The Characteristic of Lobha

Cittas are of different types. They can be classified as kusala cittas (wholesome cittas), akusala cittas (unwholesome cittas), vipākacittas (cittas which are result) and kiriyacittas (cittas which are neither cause nor result). All these kinds of cittas arise in a day, yet we know so little about them. Most of the time we do not know whether the citta is kusala, akusala, vipāka or kiriya. If we learn to classify our mind we will have more understanding of ourselves and of others. We will have more compassion and loving kindness towards others, even when they behave in a disagreeable way. We do not like the akusala cittas of others; we find it unpleasant when they are stingy or speak harsh words. However, do we realize at which moments we ourselves have akusala cittas? When we dislike other people’s harsh words, we ourselves have akusala cittas with aversion at that moment. Instead of paying attention to the akusala cittas of others we should be aware of our own akusala cittas. If one has not studied the Abhidhamma which explains realities in detail, one may not know what is akusala. People may take what is unwholesome for wholesome and thus accumulate unwholesomeness without knowing it. If we know more about different types of citta we can see for ourselves which types arise more often, kusala cittas or akusala cittas, and thus we will understand ourselves better.
We should know the difference between kusala and akusala. The Atthasālinī (Book I, Part I, chapter I, 38) speaks about the meaning of the word “kusala”. The word “kusala” has many meanings; it can mean “of good health”, “faultless”, “skillful”, “productive of happy results”.
When we perform dāna (generosity), sīla (good moral conduct) and bhāvanā (mental development), the citta is kusala. All different kinds of wholesomeness such as the appreciation of other people’s good deeds, helping others, politeness, paying respect, observing the precepts, studying and teaching Dhamma, samatha (tranquil meditation) and vipassanā (development of “insight”, right understanding of realities), are included in dāna, sīla or bhāvanā. Kusala is “productive of happy results”; each good deed will bring a pleasant result. The Atthasālinī (Book I, Part I, chapter I, 39) states about akusala:
“A-kusala means “not kusala”. Just as the opposite to friendship is enmity, or the opposite to greed, etc. is disinterestedness, etc., so “akusala” is opposed to “kusala”...
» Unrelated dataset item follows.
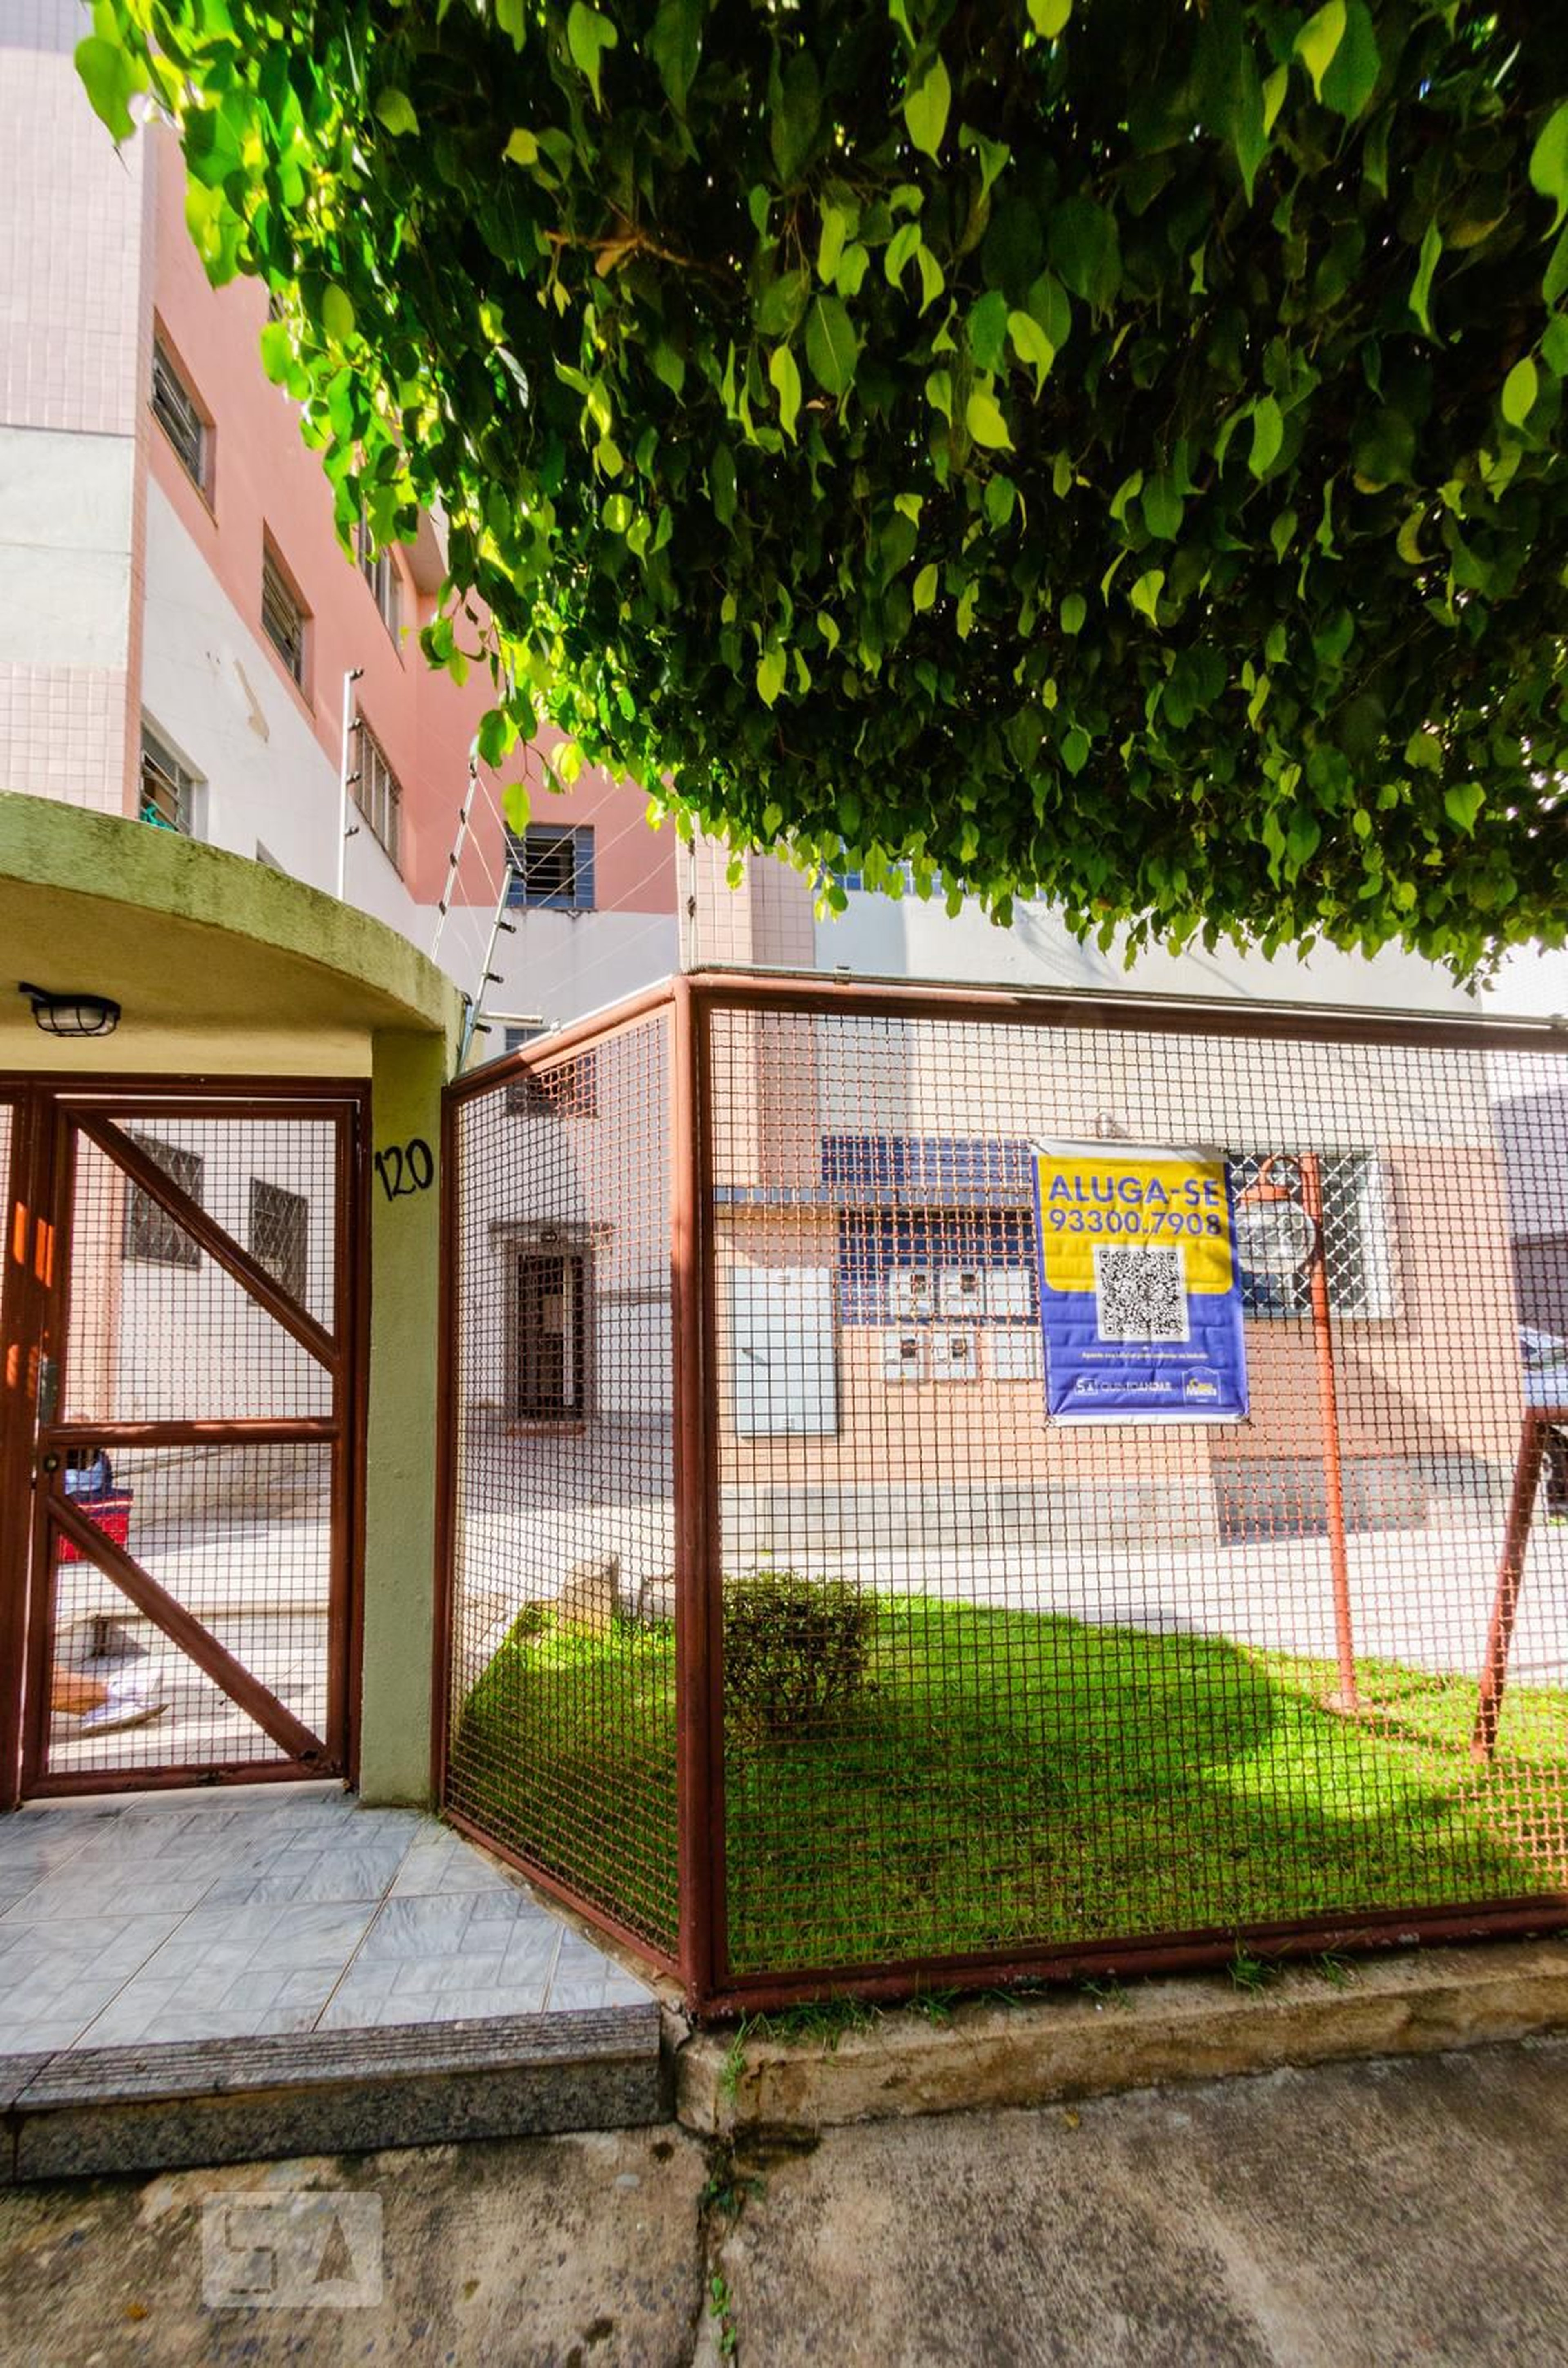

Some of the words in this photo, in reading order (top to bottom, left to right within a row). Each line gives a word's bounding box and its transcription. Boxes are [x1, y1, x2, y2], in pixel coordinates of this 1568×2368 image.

[375, 1139, 433, 1201] 120
[1049, 1175, 1219, 1206] ALUGA-SE
[1049, 1209, 1221, 1235] 93300.7908
Unwholesome deeds will bring unhappy results. Nobody wishes to experience an unhappy result, but many people are ignorant about the cause which brings an unhappy result, about akusala. They do not realize when the citta is unwholesome, and they do not always know it when they perform unwholesome deeds.
When we study the Abhidhamma we learn that there are three groups of akusala cittas. They are:
  • Lobha-mūla-cittas, or cittas rooted in attachment (lobha)
  • Dosa-mūla-cittas, or cittas rooted in aversion (dosa)
  • Moha-mūla-cittas, or cittas rooted in ignorance (moha)
Moha (ignorance) arises with every akusala citta. Akusala cittas rooted in lobha (attachment) actually have two roots: moha and lobha (16). They are named “lobha-mūla-cittas”, because there is not only moha, which arises with every akusala citta, but lobha as well. Lobha-mūla-cittas are thus named after the root which is lobha. Akusala cittas rooted in dosa (aversion) have two roots as well: moha and dosa. They are named “dosa-mūla-cittas” after the root which is dosa. Akusala cittas rooted in moha (ignorance), have only one root which is moha. Each of these three classes of akusala cittas includes again different types of akusala citta and thus we see that there is a great variety of cittas.
Now I shall deal first with lobha-mūla-citta. Lobha is the paramattha dhamma (absolute reality) which is cetasika (mental factor arising with the citta); it is a reality and thus it can be experienced.
Lobha is “clinging” or “attachment”. The Visuddhimagga (XIV, 162) states:
...lobha has the characteristic of grasping an object, like birdlime (lit. “monkey lime”). Its function is sticking, like meat put in a hot pan. It is manifested as not giving up, like the dye of lampblack. Its proximate cause is seeing enjoyment in things that lead to bondage. Swelling with the current of craving, it should be regarded as taking (beings) with it to states of loss, as a swift-flowing river does to the great ocean.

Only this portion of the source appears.